Cette longue traversée dramatique, Kamuran Beder Khan l’a subie sans jamais renoncer à l’espoir que la voix des Kurdes puisse à nouveau se faire entendre. Il s’est battu pour cela tout au long de sa vie, soutenu par sa femme Nathalie d’Ossovietsky, qu’il appelait affectueusement Natouchik. Je ne crois pas avoir connu de vieux couple aussi uni, ni aussi tendrement amoureux.
Outre son enseignement, l’émir publiait des ouvrages sur la langue kurde et c’est lui qui entreprit le fameux dictionnaire kurdo-français, mené à bien après son décès par Kendal Nezan, directeur de l’Institut kurde de Paris. C’est grâce à l’émir que j’ai pu transcrire en français l’Anthologie de la poésie populaire kurde dont il avait, au préalable, fait une traduction juxta-linéaire. D’abord refusée chez Gallimard, considérée, je m’en souviens comme « d’une aimable rusticité », ce recueil, depuis lors, a trouvé un très large public.
La chute de la dynastie hachémite en 1958 et le retour de Mustafa Barzani après 12 ans d’exil en URSS, marqua un tournant décisif. A l’automne 1961, les pourparlers arabo-kurdes achoppèrent sur la question de Kirkouk. Ainsi reprenait le long combat des Kurdes pour une reconnaissance officielle de leur identité nationale, un combat inégal, mais têtu, dont Kamuran Bedir Khan aura été comme le héros des temps difficiles, lorsque sa cause n’intéressait encore qu’une poignée d’amis avant de devenir le représentant officieux d’un mouvement national, malgré l’opposition des Etats où ils se trouvaient.

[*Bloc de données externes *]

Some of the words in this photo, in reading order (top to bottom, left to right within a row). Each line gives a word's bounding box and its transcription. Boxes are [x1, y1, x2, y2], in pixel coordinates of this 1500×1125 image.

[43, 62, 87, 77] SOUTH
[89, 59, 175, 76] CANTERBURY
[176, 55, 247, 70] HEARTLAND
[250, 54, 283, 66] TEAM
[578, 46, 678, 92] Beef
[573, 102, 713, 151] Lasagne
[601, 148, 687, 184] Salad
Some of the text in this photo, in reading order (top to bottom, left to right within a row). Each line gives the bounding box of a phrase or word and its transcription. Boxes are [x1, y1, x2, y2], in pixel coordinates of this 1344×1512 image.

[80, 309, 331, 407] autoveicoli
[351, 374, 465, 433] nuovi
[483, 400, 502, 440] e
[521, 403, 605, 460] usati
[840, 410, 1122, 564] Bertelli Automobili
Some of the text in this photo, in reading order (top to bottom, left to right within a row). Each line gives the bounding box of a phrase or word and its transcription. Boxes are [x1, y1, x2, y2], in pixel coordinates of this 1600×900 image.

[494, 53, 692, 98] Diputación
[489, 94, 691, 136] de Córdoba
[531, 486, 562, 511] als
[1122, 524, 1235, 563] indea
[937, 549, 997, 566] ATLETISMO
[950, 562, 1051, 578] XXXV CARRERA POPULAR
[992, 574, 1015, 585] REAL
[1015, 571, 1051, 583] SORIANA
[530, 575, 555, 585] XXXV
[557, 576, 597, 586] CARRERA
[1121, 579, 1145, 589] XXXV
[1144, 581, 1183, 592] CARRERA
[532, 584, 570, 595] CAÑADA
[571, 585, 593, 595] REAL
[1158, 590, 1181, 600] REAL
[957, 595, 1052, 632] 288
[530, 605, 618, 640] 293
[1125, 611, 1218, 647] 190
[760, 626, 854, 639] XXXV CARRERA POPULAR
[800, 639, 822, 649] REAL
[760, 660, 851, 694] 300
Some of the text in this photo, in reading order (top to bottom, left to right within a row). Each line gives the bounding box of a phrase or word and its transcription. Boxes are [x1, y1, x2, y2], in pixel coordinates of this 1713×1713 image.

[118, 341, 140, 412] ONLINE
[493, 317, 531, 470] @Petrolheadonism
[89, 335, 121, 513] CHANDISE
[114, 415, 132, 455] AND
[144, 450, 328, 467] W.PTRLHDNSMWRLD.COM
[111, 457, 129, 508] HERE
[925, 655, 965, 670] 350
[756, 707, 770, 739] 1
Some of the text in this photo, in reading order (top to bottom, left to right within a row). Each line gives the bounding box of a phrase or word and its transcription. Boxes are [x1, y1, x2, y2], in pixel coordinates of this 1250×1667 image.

Au 8e Congrès du Parti démocratique du Kurdistan irakien, l’émir fut reçu en Irak par Mustafa Barzani. Je tiens cette relation de la fille de Djelladet Bedir Khan que je rencontrai récemment à Erbil. Tandis que l’émir honorait Mustafa Barzani du titre de dirigeant des Kurdes, ce dernier répondit : « C’est vous qui l’avez été et vous l’êtes toujours ».
Ali Kamuran Bedir Khan aura été l’ambassadeur extraordinaire de ce combat qui se poursuit.